Patients were divided by type of chemo medication, positive or negative expression of PD-L1 – a biomarker that predicts responses to Keytruda – and location (east Asia vs. other).
Then they were assigned randomly to either Paraplatin (carboplatin) and Taxol (paclitaxel) every three weeks, or weekly Abraxane (nab-paclitaxel) plus Keytruda or placebo, over four cycles. This was followed by Keytruda/placebo for a total of 35 treatments.
At the first preliminary analysis, 204 patients already had received treatment and had been followed for a median of 7.7 months. The majority were men; 48 percent were younger than 65, and 28 percent were fully active.
Also, 35 percent of patients tested negative for tumor PD-L1 expression, while 32 percent used Abraxane.
More patients receiving the combination experienced a reduction in tumor size than those on chemotherapy alone – 58.4 percent versus 35.0 percent. Also, 65.8 percent of patients in the combination group had a response that lasted six or more months, compared to 45.6 percent in control participants.
Incidence of severe (grade 3) or worse adverse events was 64.4 percent for Keytruda and 74.5 percent for chemo. No new safety concerns were observed.

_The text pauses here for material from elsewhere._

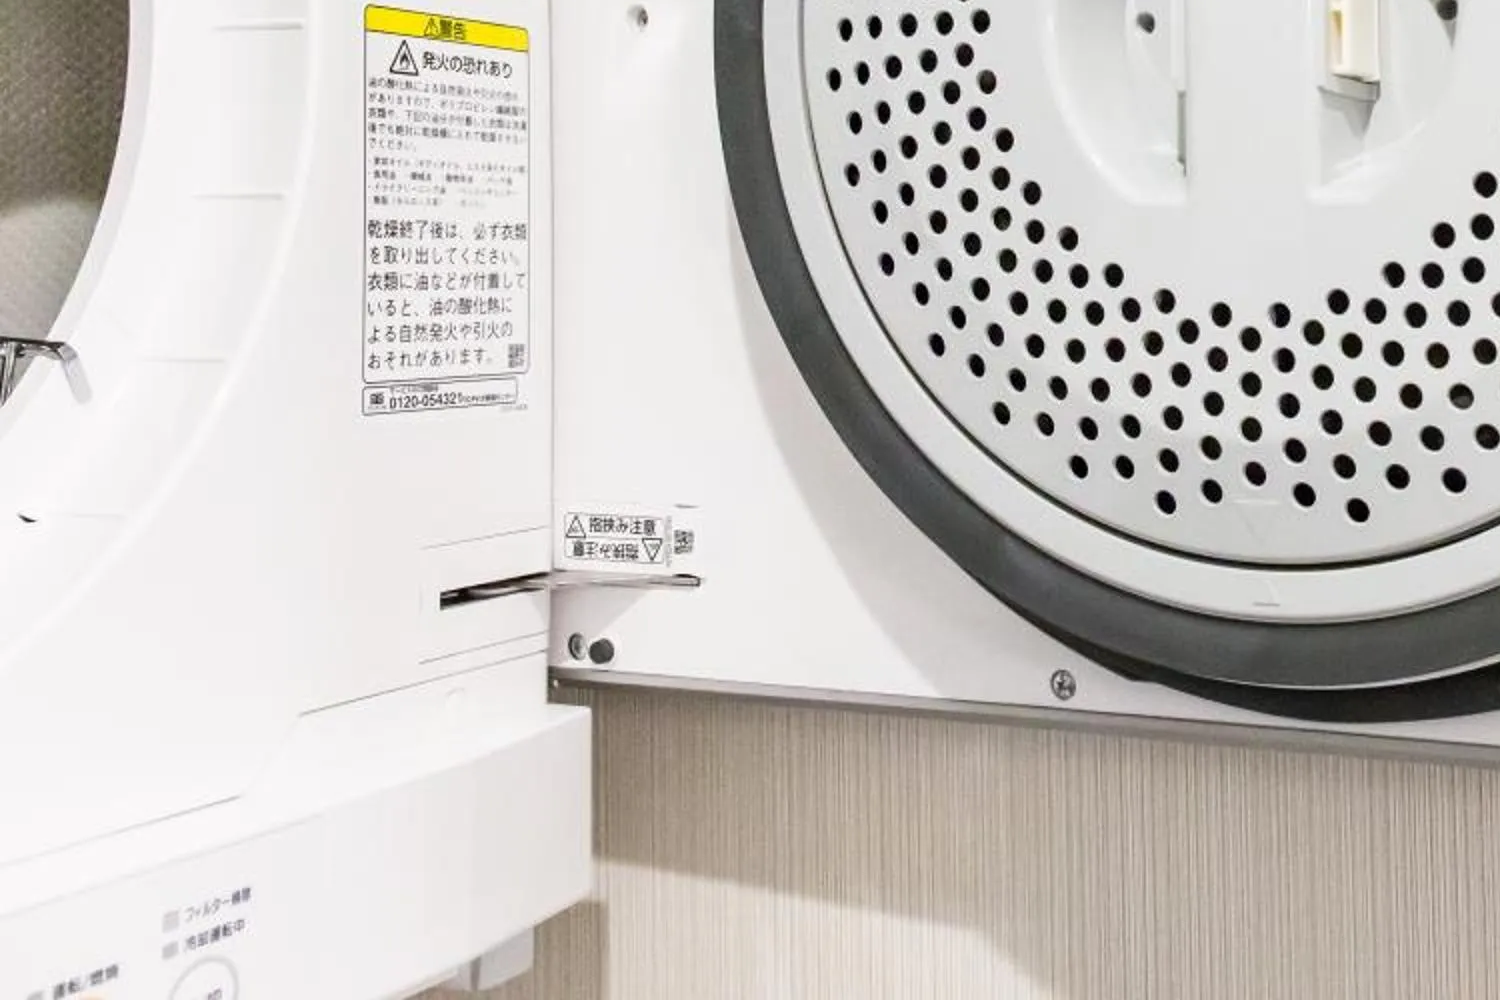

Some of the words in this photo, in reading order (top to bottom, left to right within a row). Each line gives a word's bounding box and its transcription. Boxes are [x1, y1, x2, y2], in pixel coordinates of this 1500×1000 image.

“Adding [Keytruda] almost doubled the [overall response rate] of chemo for [patients] with untreated metastatic [squamous] NSCLC,” the researchers wrote.
They also commented that the treatment combination presents a tolerable safety profile.
Besides results of KEYNOTE-407, Merck, known as MSD outside the U.S. and Canada, also will present data about Keytruda in studies of melanoma, renal cell, cervical, merkel cell, and other cancers at ASCO 2018.
“With more data and longer follow-up across tumors and treatment settings, evidence continues to support the role of Keytruda as a foundational treatment for many types of cancer,” Roger M. Perlmutter, president, Merck Research Laboratories, said in a press release.